Throughout the 1920s, VKhUTEMAS (the Soviet equivalent of Bauhaus) spawned the influential art movements Constructivism and Suprematism led by faculty that included Kazimir Malevich, Lyubov Popova, and Alexander Rodchenko, among others, whose pedagogical experiments, or 'initiatives,' reflected the school's mandate to merge progressive politics and technical innovation within the universalist, modernist project. In a summer residency among the mountains of southern Alberta, Ginzburg engaged in visual exercises, including colour and spatial studies, photography, and graphic explorations, reanimating avant-garde methodology into a present day North American context. In a playful if destructive gesture, the artist burned spatial studies, summoning the aura of the interrupted avant-garde experiment.
The deconstructive gesture is echoed in Ginzburg's new film Turo - the third installment of his trilogy preceded by Hyperborea and Walking the Sea. In Turo, three modernist buildings are explored as stages for past utopias along with a recording of a "ghost mode" video game based in the ruins of Pripyat (site of Chernobyl catastrophe) and featuring Tatlin's unrealized tower.
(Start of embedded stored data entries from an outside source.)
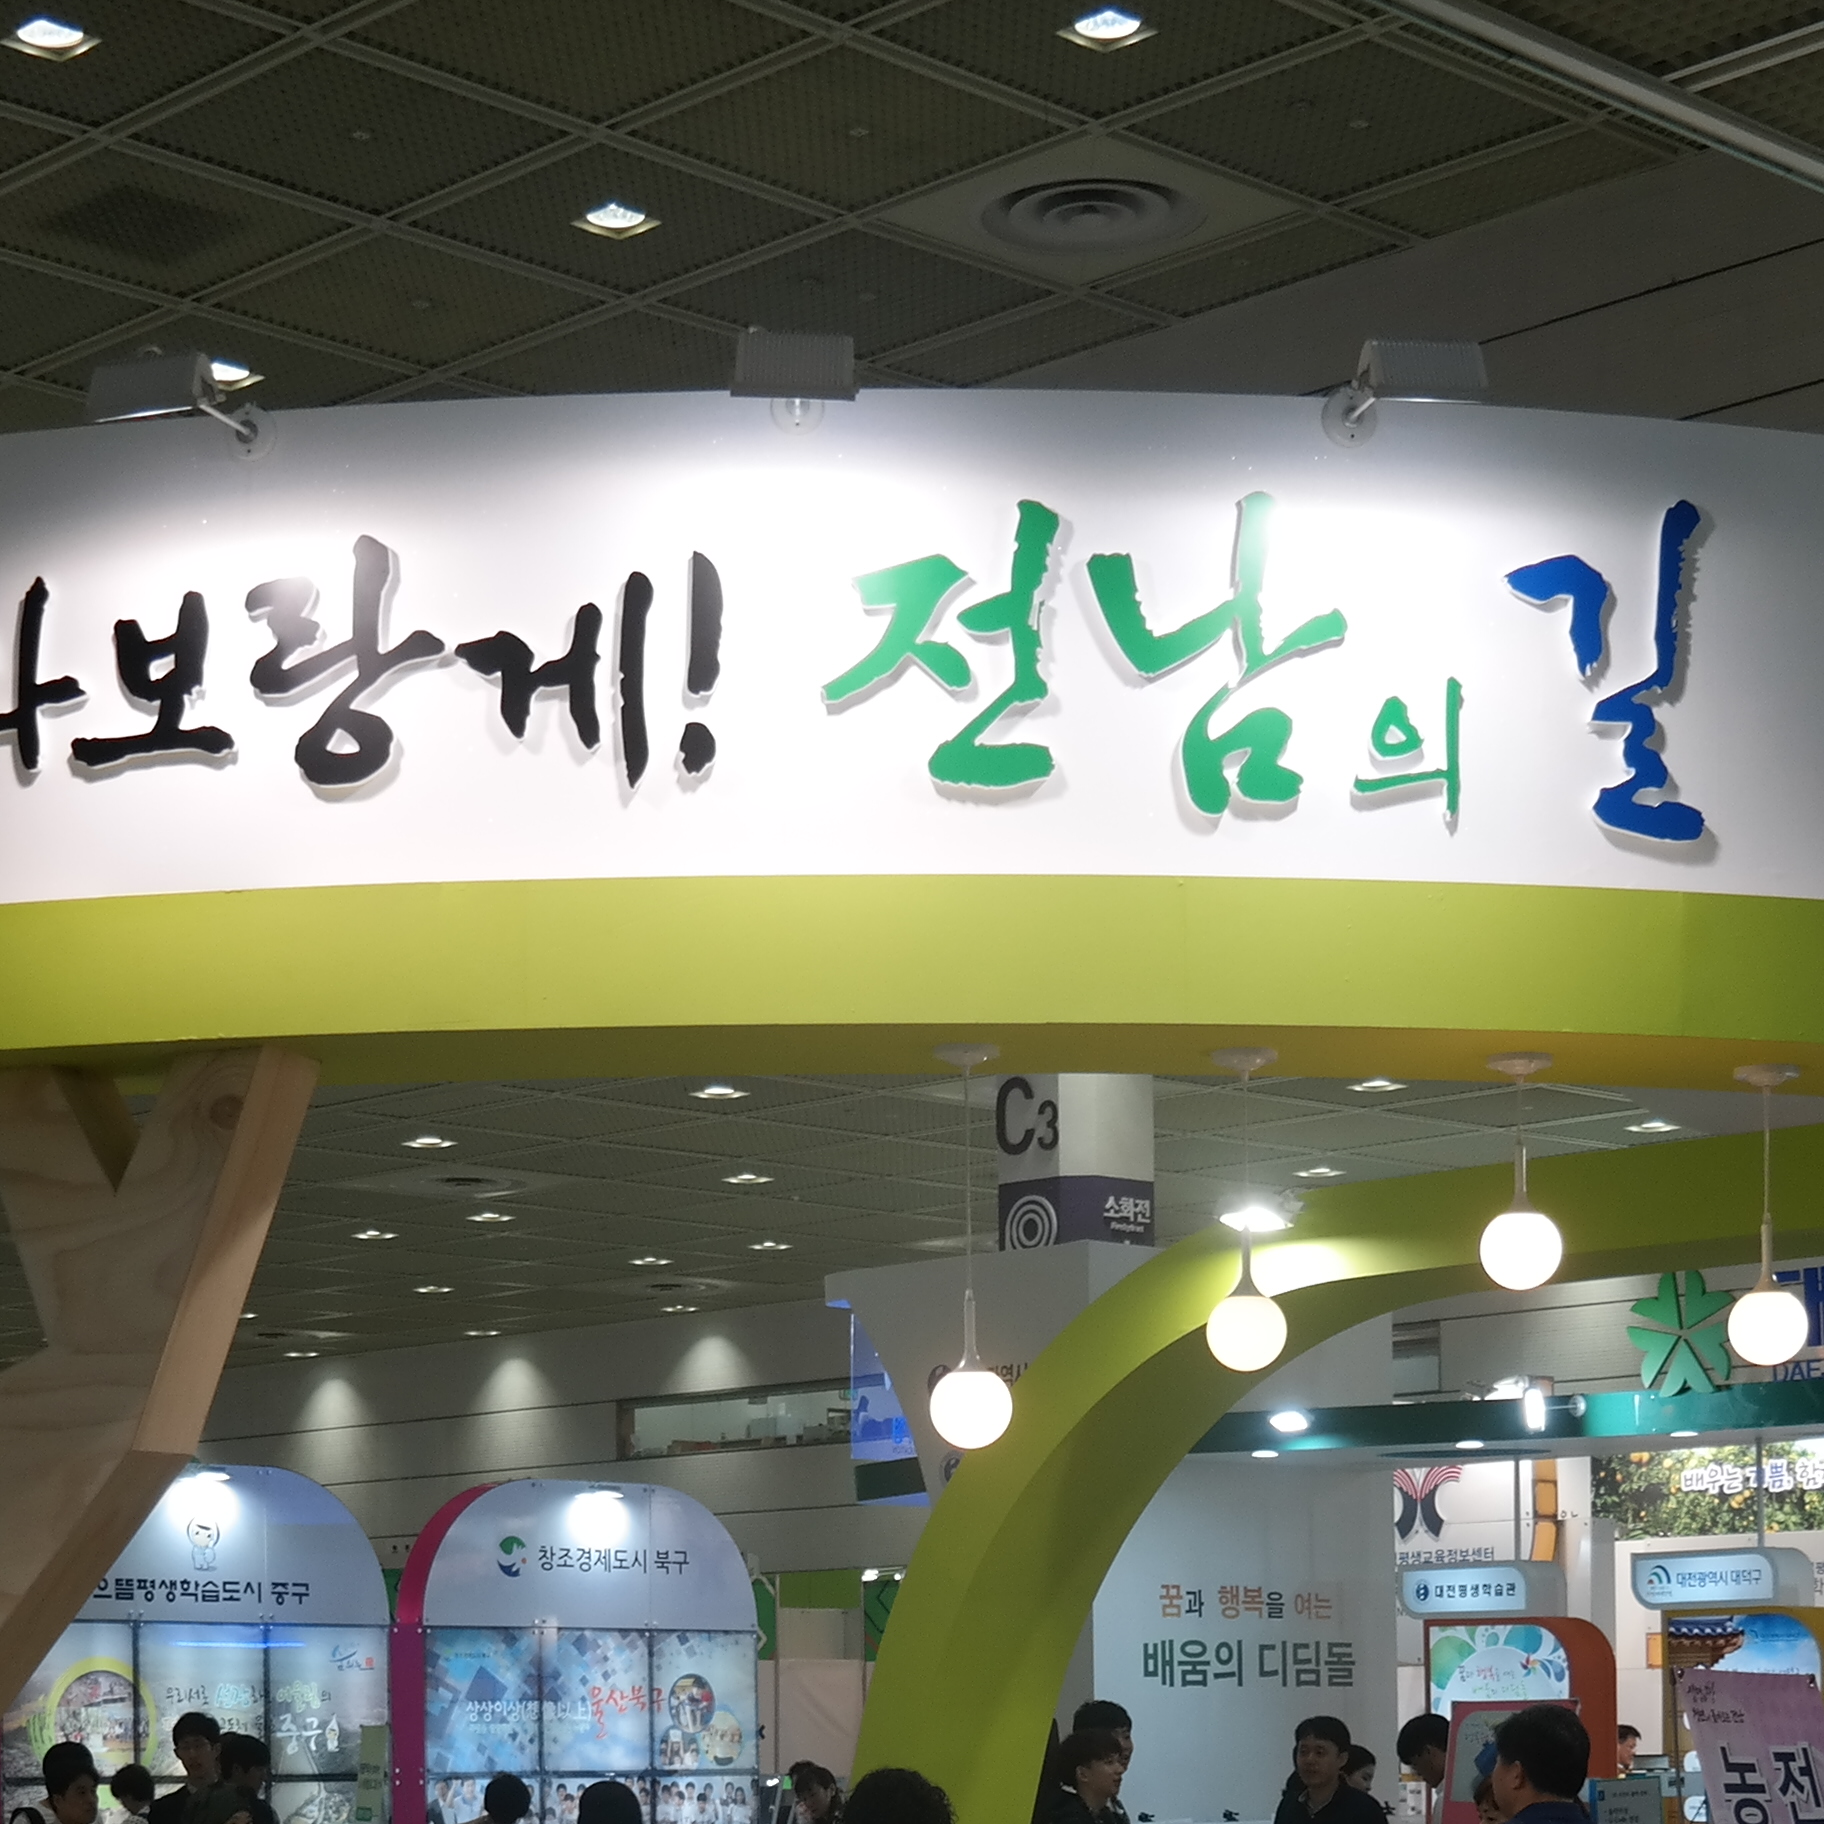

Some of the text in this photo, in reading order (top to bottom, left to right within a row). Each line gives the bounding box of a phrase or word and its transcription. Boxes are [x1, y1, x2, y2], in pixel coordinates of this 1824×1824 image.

[1504, 500, 1706, 840] 길
[994, 1076, 1059, 1156] C3
[1103, 1195, 1151, 1223] 소화전
[1682, 1463, 1744, 1495] 배우는
[537, 1545, 691, 1576] 창조경제도시 북구
[270, 1582, 311, 1606] 중구
[1434, 1582, 1517, 1598] 대전평생학습관
[1676, 1568, 1763, 1588] 대전광역시 대덕구
[1159, 1583, 1333, 1620] 꿈과 행복을 여는
[1142, 1638, 1356, 1688] 배움의 디딤돌
[272, 1712, 324, 1755] 중구
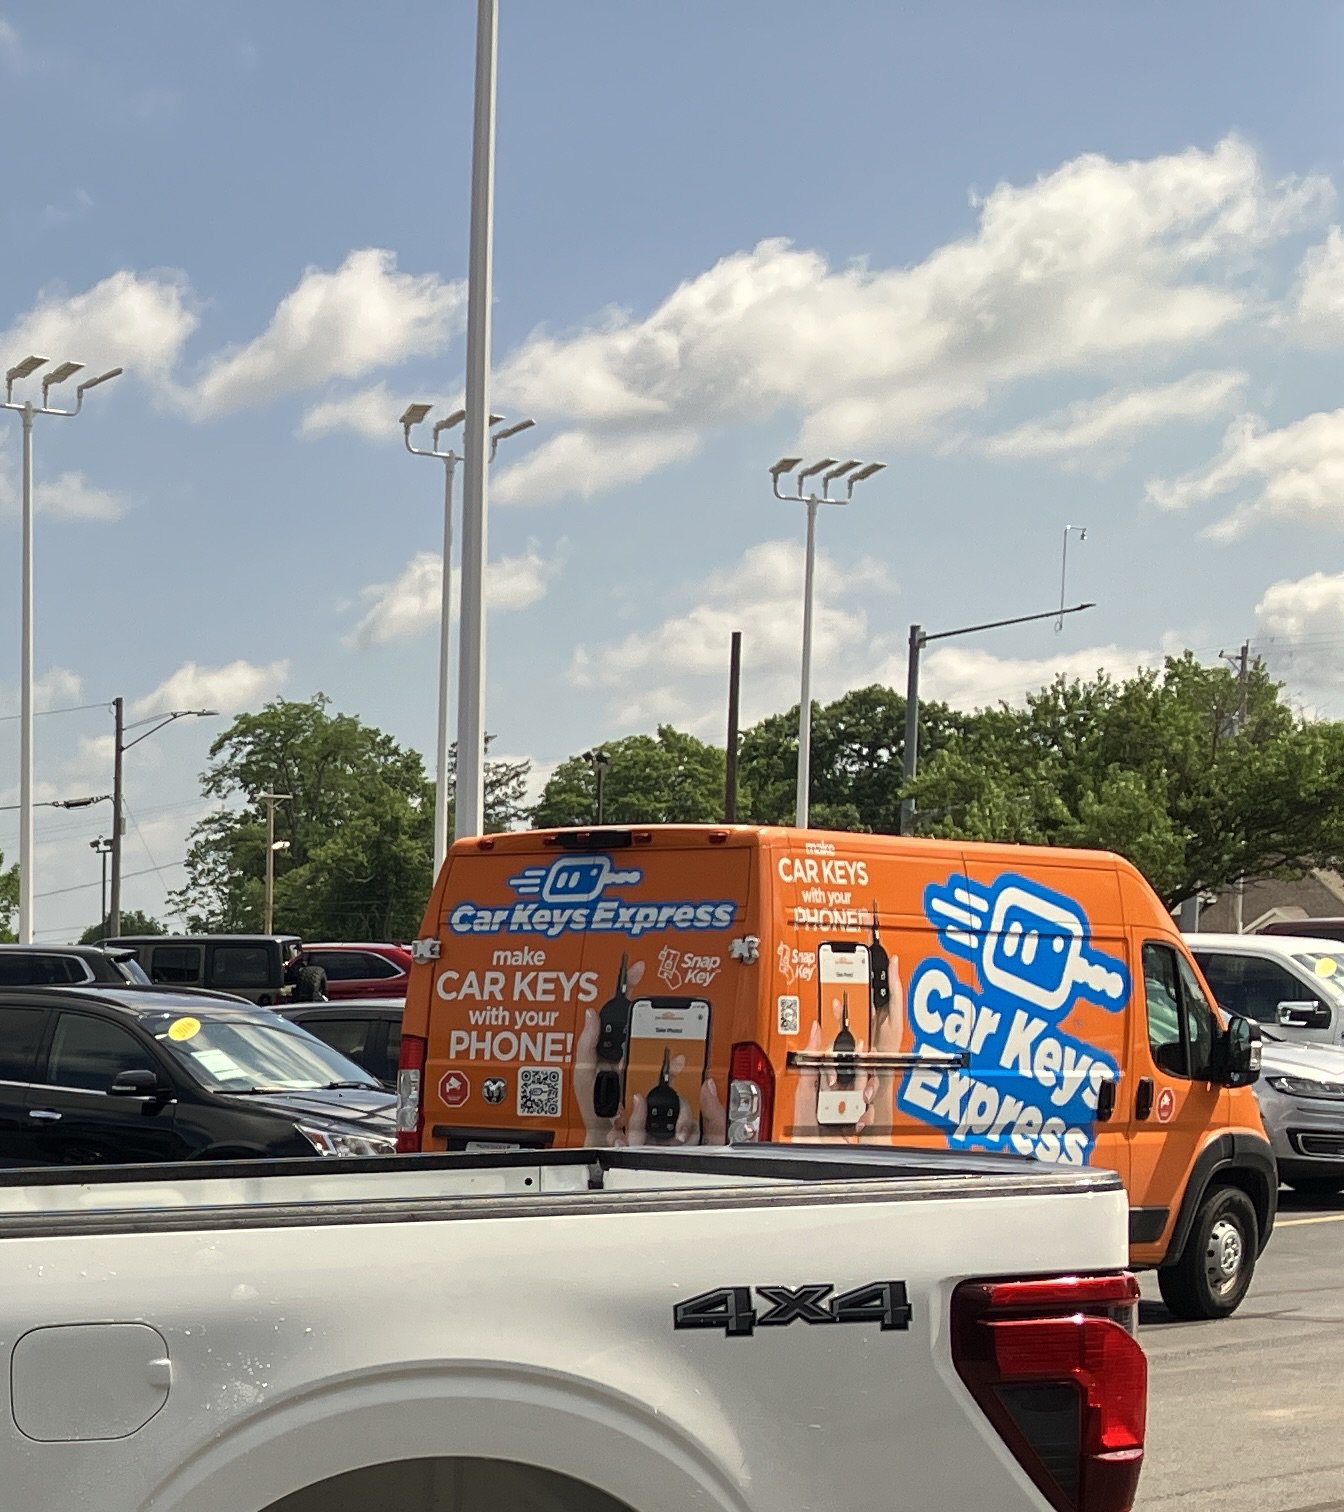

The artist employs Esperanto - a language devised as an international medium of communication - to guide the viewer through each chapter of this "fictionalized non-fiction."
Anton Ginzburg is a New York-based artist who uses an array of historical and cultural references as starting points for his investigations into art's capacity to penetrate layers of the past and reflect on the contemporary experience. Born in 1974 in Leningrad, USSR, Ginzburg received a classical arts education before immigrating to the United States in 1990. He earned a BFA from Parsons The New School for Design in 1997 and MFA degree from Bard College, Milton Avery Graduate School of Arts. His art has been shown at the fifty-fourth Venice Biennale, Palais de Tokyo in Paris, the San Francisco Museum of Modern Art, and White Columns in New York, among others.
Blue Flame: Constructions and Initiatives is organized by the Southern Alberta Art Gallery. Funding assistance from the Canada Council for the Arts, Alberta Foundation for the Arts, and the City of Lethbridge.
The SAAG publication Anton Ginzburg - Blue Flame: Constructions and Initiatives (2020) was published n conjunction with this exhibition.